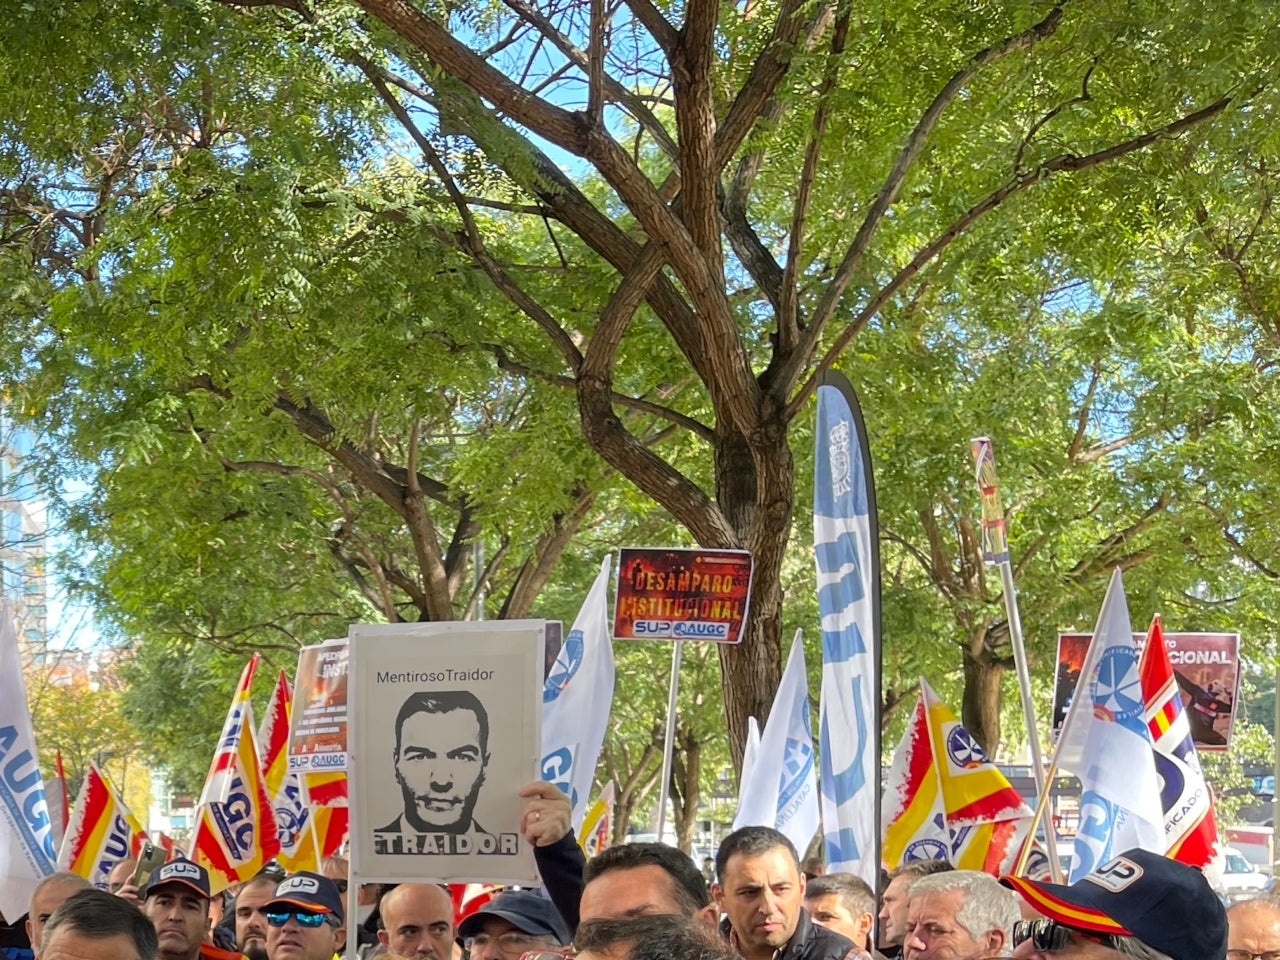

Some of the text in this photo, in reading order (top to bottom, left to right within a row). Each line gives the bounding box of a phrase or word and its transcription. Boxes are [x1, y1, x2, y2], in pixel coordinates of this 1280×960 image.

[635, 571, 733, 593] DESAMPARO
[620, 597, 742, 620] INSTITUCIONAL
[635, 621, 671, 633] SUP
[687, 623, 726, 634] AUGC
[1167, 651, 1232, 665] CIONAL
[289, 757, 310, 768] SUP
[320, 754, 346, 765] AUGC
[1164, 787, 1203, 836] FICADO
[162, 864, 199, 878] SUP
[281, 879, 317, 892] SUP

§

▶ Work instructions
The records above should be returned exactly, with only their pictures held back.

▶ Answer box
Some of the text in this photo, in reading order (top to bottom, left to right within a row). Each line gives the bounding box of a phrase or word and its transcription. Boxes are [x1, y1, x2, y2], in pixel coordinates of this 1280×960 image.

[635, 571, 733, 593] DESAMPARO
[620, 597, 742, 620] INSTITUCIONAL
[635, 621, 671, 633] SUP
[687, 623, 726, 634] AUGC
[1167, 651, 1232, 665] CIONAL
[289, 757, 310, 768] SUP
[320, 754, 346, 765] AUGC
[1164, 787, 1203, 836] FICADO
[162, 864, 199, 878] SUP
[281, 879, 317, 892] SUP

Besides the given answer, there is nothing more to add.